Accompanied by His Wife
Page 3
There was another of those pauses which suggested he had said all he had wound himself up to say.
‘And now what ought I to know about you?’
‘Oh, there’s not much to tell you about me. I have always worked in my father’s bank. That’s something you would know, of course. I more or less inherited his position there when he died, and—that’s all, I think.’ He shrugged. Evidently he found much more difficulty in talking about himself than about his parents.
‘Where did I meet you?’
‘Eh?’ He looked startled.
‘Where—or rather, how—did I, in the character of your wife, come to meet you?’
‘We met in Paris,’ he said reluctantly.
‘She isn’t French, is she?’
‘No. But she had lived in France for some little time.’
‘Plenty of French experience,’ murmured Patricia thoughtfully. ‘I seem fated to be taken for someone with French experience.’
He was curt and quite uncommunicative about that, and she gathered that there was no more to be had from him on the subject of the other Patricia.
Well, she would have to do what she could with this scanty information. It would be worth making the effort—if it did no more than save that dying woman from knowing that her son had made a hopeless mess of his life.
The sun was well down in the west by the time they reached the outskirts of London. And as they crossed Westminster Bridge, eight o’clock was striking from Big Ben.
Patricia had been almost completely silent during the last hour of their drive. Not that she was specially apprehensive. In fact, she was surprised to find how singularly little fear entered into her feelings about this escapade. But her companion had obviously been sunk in his own not very cheerful thoughts, and she had been glad of the opportunity to think quietly over the coming adventure, and to get the ‘feel’ of the situation, like an actress approaching a new role.

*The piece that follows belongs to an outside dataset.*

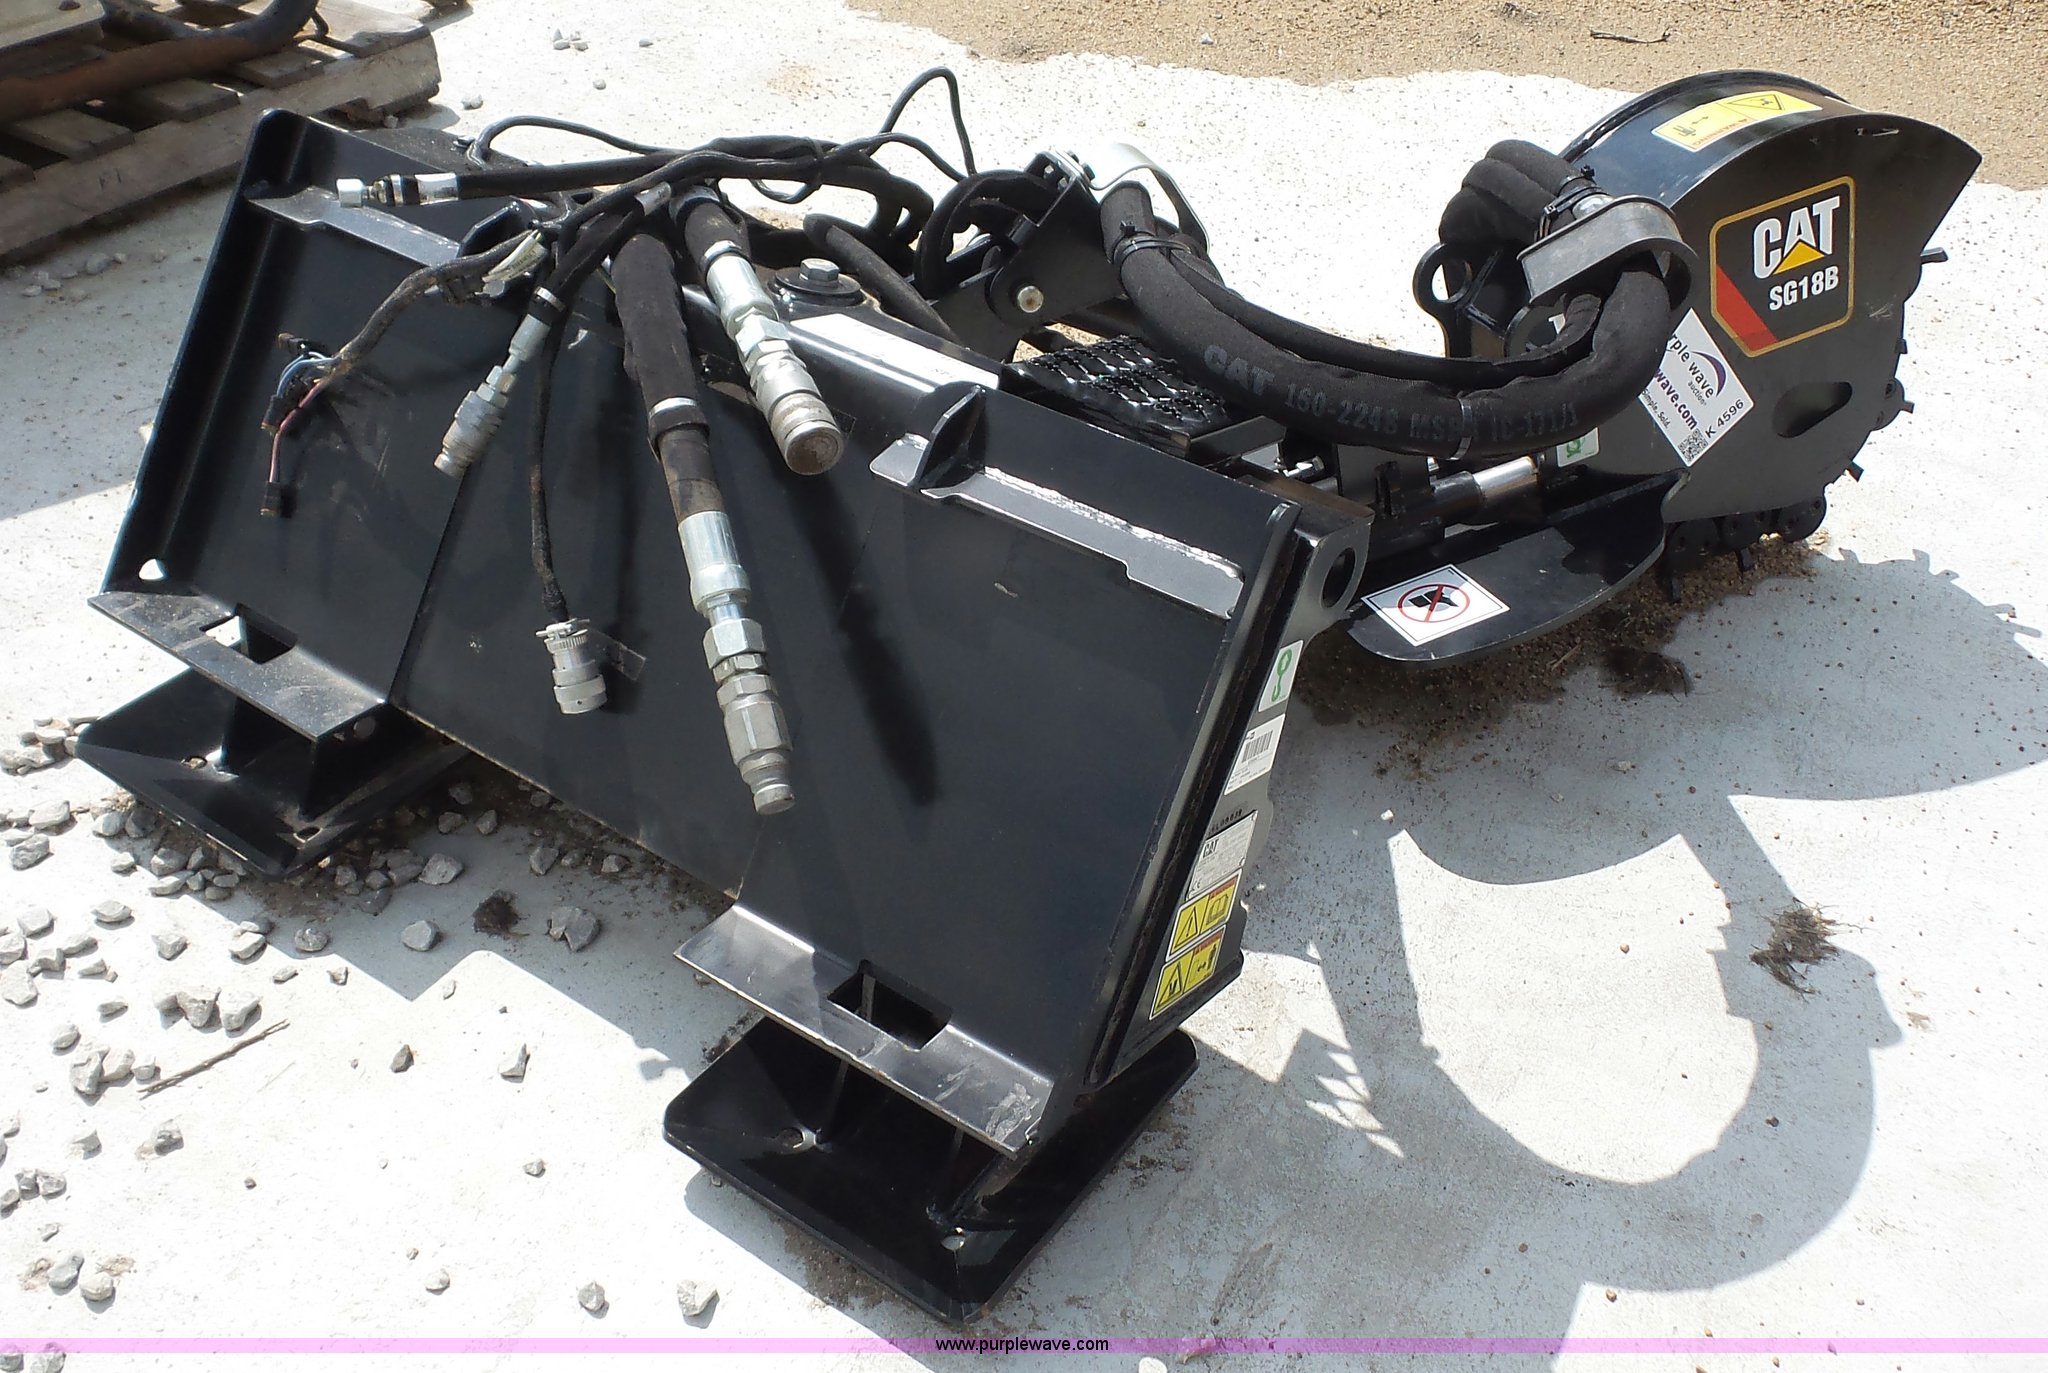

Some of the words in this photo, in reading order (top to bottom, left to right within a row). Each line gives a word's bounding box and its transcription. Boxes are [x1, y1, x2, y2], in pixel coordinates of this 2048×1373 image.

‘We’re almost there.’ He spoke at last, and Patricia thought his voice sounded weary, though controlled.
‘She lives here in Westminster, then?’
‘Yes. In a little Queen Anne house near Birdcage Walk. She always wanted that house and, after my father died, it happened to come into the market. There was no longer any reason why she shouldn’t have whatever she wanted. So the house became hers.’

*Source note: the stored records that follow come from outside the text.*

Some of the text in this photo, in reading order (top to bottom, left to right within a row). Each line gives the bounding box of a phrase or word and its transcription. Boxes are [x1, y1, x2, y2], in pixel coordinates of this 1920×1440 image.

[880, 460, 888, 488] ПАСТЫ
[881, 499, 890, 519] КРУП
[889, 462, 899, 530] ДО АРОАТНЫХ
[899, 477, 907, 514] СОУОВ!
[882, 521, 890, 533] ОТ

A few minutes later they drew up outside a small, indefinably elegant house in a quiet cul-de-sac, and he handed her out of the car.
The knocker on the door was in the shape of a small brass hand, and Patricia noticed that he hesitated just a moment before he took hold of it. Then he gave a couple of quiet but decided raps.

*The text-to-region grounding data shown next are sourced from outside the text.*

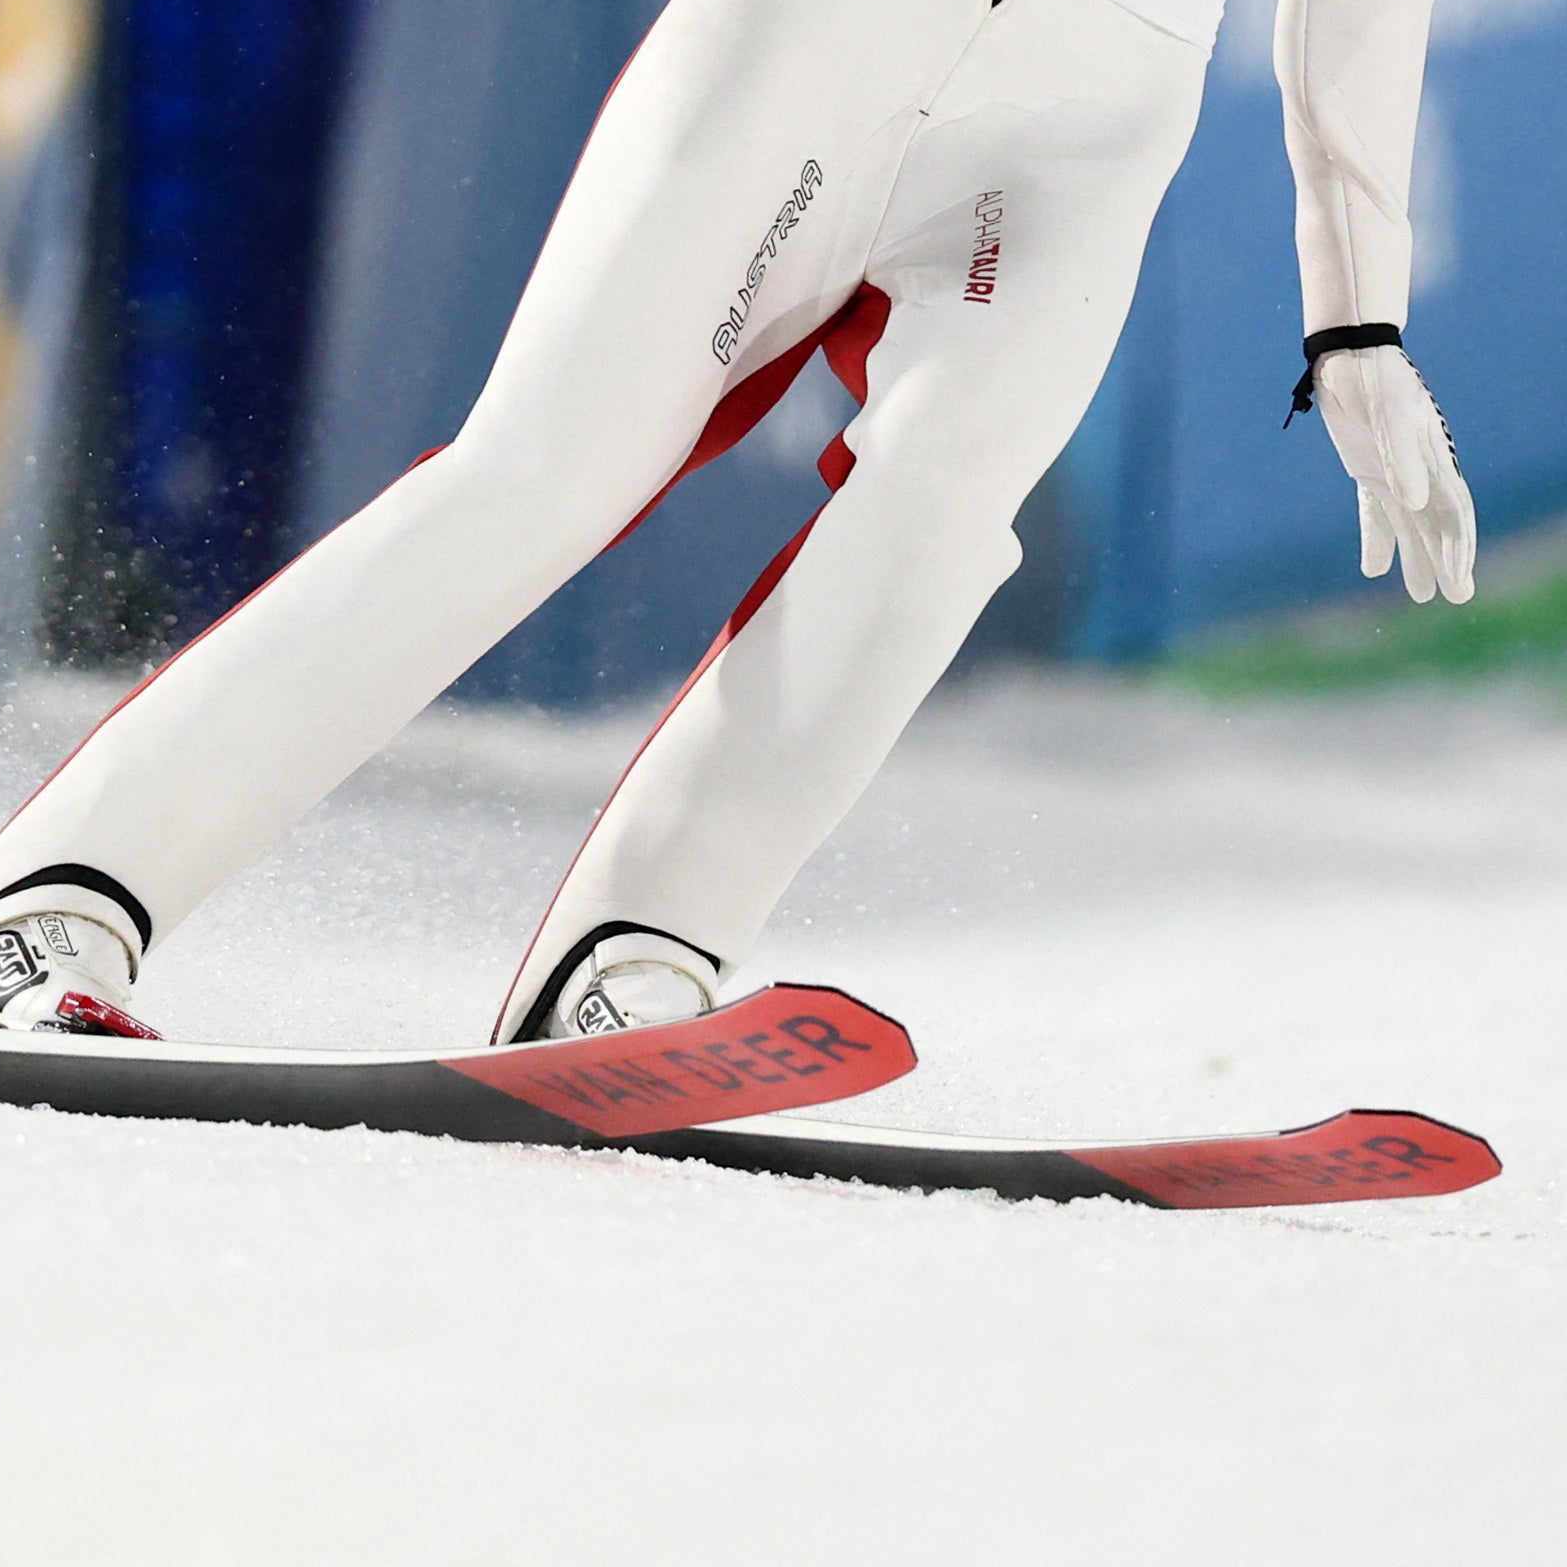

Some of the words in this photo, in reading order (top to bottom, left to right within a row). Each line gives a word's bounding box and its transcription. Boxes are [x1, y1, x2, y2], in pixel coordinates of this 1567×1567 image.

[712, 158, 824, 365] AUSTRIA
[962, 189, 1004, 305] ALPHATAURI
[43, 916, 68, 952] EAGLE
[527, 1058, 691, 1113] VAN
[661, 1014, 873, 1091] DEER

While they waited for the door to be opened, it seemed to Patricia as though the whole drama of the occasion suddenly began to gather round them. The unusual quiet of the street, the brightness of the odd-shaped windows, twinkling in the evening sun as though they shared some private joke of their own, the unexpectedly loud beating of her own heart—all seemed to emphasise the tense feeling of anticipation. It was like waiting for the curtain to go up on some drama, in which one suddenly found oneself an actor instead of a spectator.
The door opened silently, and a quiet-voiced maid inquired whom they wanted to see.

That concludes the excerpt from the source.